Information supplied:

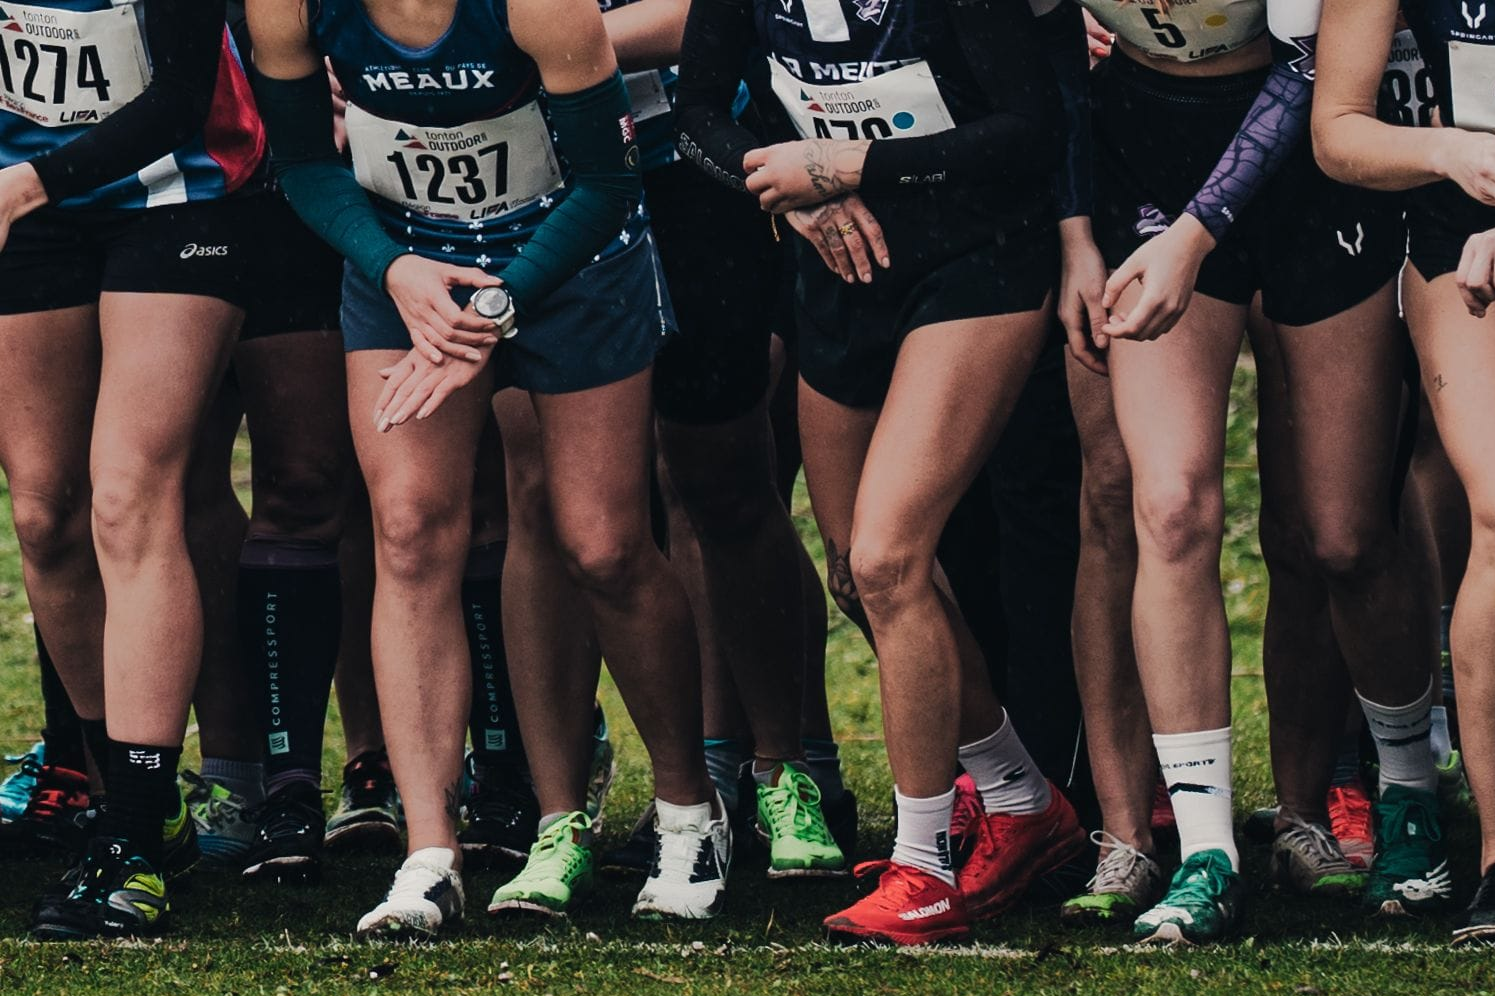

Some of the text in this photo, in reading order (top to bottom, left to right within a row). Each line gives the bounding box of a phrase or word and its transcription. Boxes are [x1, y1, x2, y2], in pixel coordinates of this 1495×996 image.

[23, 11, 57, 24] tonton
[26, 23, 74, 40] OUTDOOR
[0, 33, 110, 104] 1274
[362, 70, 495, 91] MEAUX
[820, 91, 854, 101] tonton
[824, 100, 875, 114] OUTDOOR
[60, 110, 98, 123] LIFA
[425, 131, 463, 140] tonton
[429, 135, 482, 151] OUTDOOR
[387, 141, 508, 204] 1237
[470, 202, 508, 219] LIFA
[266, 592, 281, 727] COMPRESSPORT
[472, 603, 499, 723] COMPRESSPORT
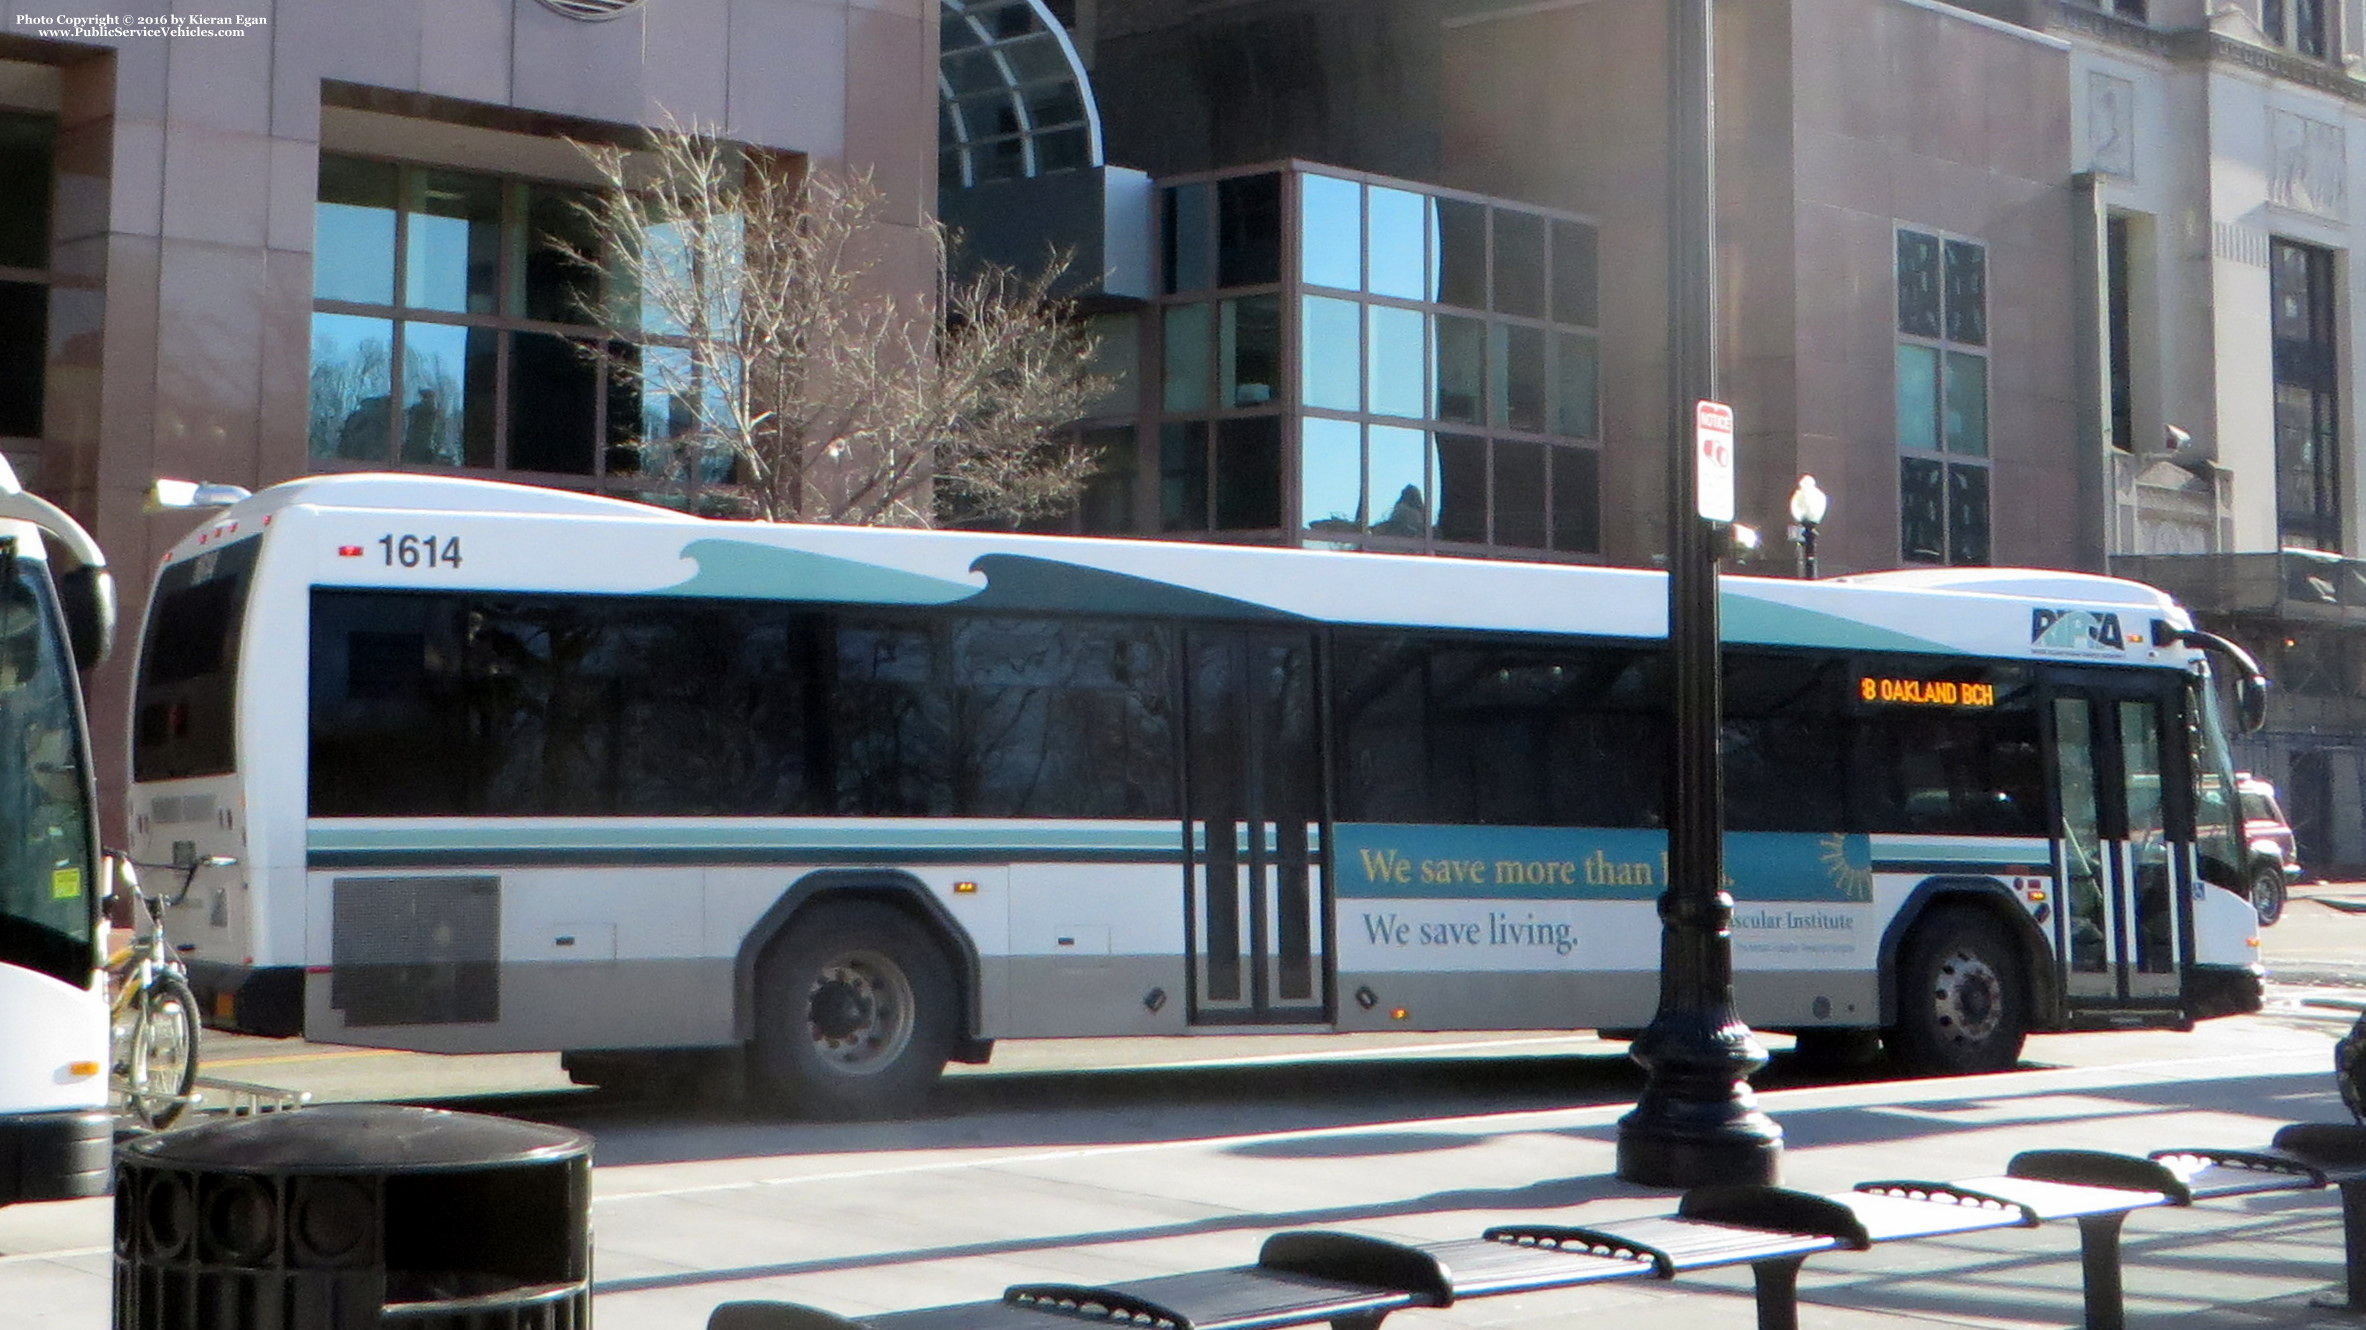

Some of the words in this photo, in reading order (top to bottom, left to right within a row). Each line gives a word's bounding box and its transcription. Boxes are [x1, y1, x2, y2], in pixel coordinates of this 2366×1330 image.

Activity: Transcribe every entry above exactly. Omit all pictures.

Answer section:
Some of the text in this photo, in reading order (top to bottom, left to right within a row). Each line gives the bounding box of a phrase or word and its transcription. Boxes are [x1, y1, x2, y2], in pixel coordinates of this 1495×996 image.

[23, 11, 57, 24] tonton
[26, 23, 74, 40] OUTDOOR
[0, 33, 110, 104] 1274
[362, 70, 495, 91] MEAUX
[820, 91, 854, 101] tonton
[824, 100, 875, 114] OUTDOOR
[60, 110, 98, 123] LIFA
[425, 131, 463, 140] tonton
[429, 135, 482, 151] OUTDOOR
[387, 141, 508, 204] 1237
[470, 202, 508, 219] LIFA
[266, 592, 281, 727] COMPRESSPORT
[472, 603, 499, 723] COMPRESSPORT

Some of the words in this photo, in reading order (top to bottom, left to right within a row). Each line gives a word's bounding box and its transcription. Boxes are [x1, y1, x2, y2], in pixel coordinates of this 2366×1330 image.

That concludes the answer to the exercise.